Matsushita Tatsuo, Kano-Sueoka Tamiko
, 1508 Fuqua Drive, Fort Collins, CO, 80521, USA.
Molecular Cellular and Developmental Biology, University of Colorado Boulder, Boulder, CO, 80309, USA.
J Mol Evol. 2023 Apr;91(2):169-191. doi: 10.1007/s00239-023-10093-5. Epub 2023 Feb 21.
The structure and function of human leucocyte antigen (HLA-A) is well known and is an extremely variable protein. From the public HLA-A database, we chose 26 high frequency HLA-A alleles (45% of sequenced alleles). Using five arbitrary references from these alleles, we analyzed synonymous mutations at the third codon position (sSNP) and non-synonymous mutations (NSM). Both mutation types showed non-random locations of 29 sSNP codons and 71 NSM codons in the five reference lists. Most sSNP codons show identical mutation types with many mutations resulting from cytosine deamination. We proposed 23 ancestral parents of sSNP in five reference sequences using conserved parents in five unidirectional codons and 18 majority parents in reciprocal codons. These 23 proposed ancestral parents show exclusive codon usage of G or C parents located on both DNA strands that mutate to A or T variants mostly (76%) by cytosine deamination The sSNP and NSM show clear separation of the two variant types with most sSNP located in conserved areas in exons 2, 3 and 4, compared to most NSM appearing in two Variable Areas with no sSNP in the latter parts of exons 2 (α1) and 3 (α2). The Variable Areas contain NSM (polymorphic) residues at the center of the groove that bind the foreign peptide. We find distinctly different mutation patterns in NSM codons from those of sSNP. Namely, G-C to A-T mutation frequency was much smaller, suggesting that evolutional pressures of deamination and other mechanisms applied to the two areas are significantly different.

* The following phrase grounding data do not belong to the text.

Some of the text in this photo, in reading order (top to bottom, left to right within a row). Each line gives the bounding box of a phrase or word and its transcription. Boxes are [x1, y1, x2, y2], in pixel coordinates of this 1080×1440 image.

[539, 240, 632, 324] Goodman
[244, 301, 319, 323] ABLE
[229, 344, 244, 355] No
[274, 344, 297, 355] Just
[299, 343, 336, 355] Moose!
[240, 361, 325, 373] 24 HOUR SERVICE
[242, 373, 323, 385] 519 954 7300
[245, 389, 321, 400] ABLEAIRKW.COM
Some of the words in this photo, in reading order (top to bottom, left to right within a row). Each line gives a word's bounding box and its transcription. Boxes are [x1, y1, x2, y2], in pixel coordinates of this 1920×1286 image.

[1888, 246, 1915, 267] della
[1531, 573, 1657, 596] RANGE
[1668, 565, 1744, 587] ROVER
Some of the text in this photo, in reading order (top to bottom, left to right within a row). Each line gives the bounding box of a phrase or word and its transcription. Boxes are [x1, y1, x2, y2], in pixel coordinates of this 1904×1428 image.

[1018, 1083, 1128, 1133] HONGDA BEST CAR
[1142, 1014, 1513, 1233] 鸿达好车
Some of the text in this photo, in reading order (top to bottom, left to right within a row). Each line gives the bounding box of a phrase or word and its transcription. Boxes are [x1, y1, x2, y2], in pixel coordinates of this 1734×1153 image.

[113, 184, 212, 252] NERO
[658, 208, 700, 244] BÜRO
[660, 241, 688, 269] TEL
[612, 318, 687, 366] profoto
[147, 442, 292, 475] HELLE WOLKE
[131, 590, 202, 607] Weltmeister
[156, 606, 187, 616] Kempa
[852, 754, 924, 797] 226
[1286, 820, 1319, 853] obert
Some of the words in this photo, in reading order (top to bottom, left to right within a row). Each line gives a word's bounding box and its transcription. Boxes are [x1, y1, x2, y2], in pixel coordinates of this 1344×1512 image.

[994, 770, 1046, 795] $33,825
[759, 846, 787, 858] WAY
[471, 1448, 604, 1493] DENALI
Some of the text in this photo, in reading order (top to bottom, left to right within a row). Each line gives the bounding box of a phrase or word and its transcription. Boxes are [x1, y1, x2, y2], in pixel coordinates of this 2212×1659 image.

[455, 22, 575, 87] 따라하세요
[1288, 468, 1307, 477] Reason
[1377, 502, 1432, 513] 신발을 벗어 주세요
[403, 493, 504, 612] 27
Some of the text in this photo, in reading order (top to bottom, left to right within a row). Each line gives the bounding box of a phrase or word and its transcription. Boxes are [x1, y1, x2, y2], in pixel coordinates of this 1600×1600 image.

人类白细胞抗原(HLA - A)的结构和功能已为人熟知,它是一种极具变异性的蛋白质。我们从公共HLA - A数据库中选取了26个高频HLA - A等位基因(占测序等位基因的45%)。利用这些等位基因中的五个任意参考序列,我们分析了第三密码子位置的同义突变(sSNP)和非同义突变(NSM)。在这五个参考列表中,两种突变类型的29个sSNP密码子和71个NSM密码子均显示出非随机分布。大多数sSNP密码子呈现相同的突变类型,许多突变是由胞嘧啶脱氨导致的。我们利用五个单向密码子中的保守亲本和反向密码子中的18个多数亲本,在五个参考序列中提出了23个sSNP的祖先亲本。这23个提出的祖先亲本显示出位于两条DNA链上的G或C亲本的排他性密码子使用情况,它们大多(76%)通过胞嘧啶脱氨突变为A或T变体。sSNP和NSM显示出两种变体类型的明显分离,与大多数NSM出现在两个可变区且外显子2(α1)和3(α2)的后半部分没有sSNP相比,大多数sSNP位于外显子2、3和4的保守区域。可变区在结合外来肽的凹槽中心含有NSM(多态性)残基。我们发现NSM密码子的突变模式与sSNP明显不同。也就是说,G - C到A - T的突变频率要小得多,这表明作用于这两个区域的脱氨和其他机制的进化压力显著不同。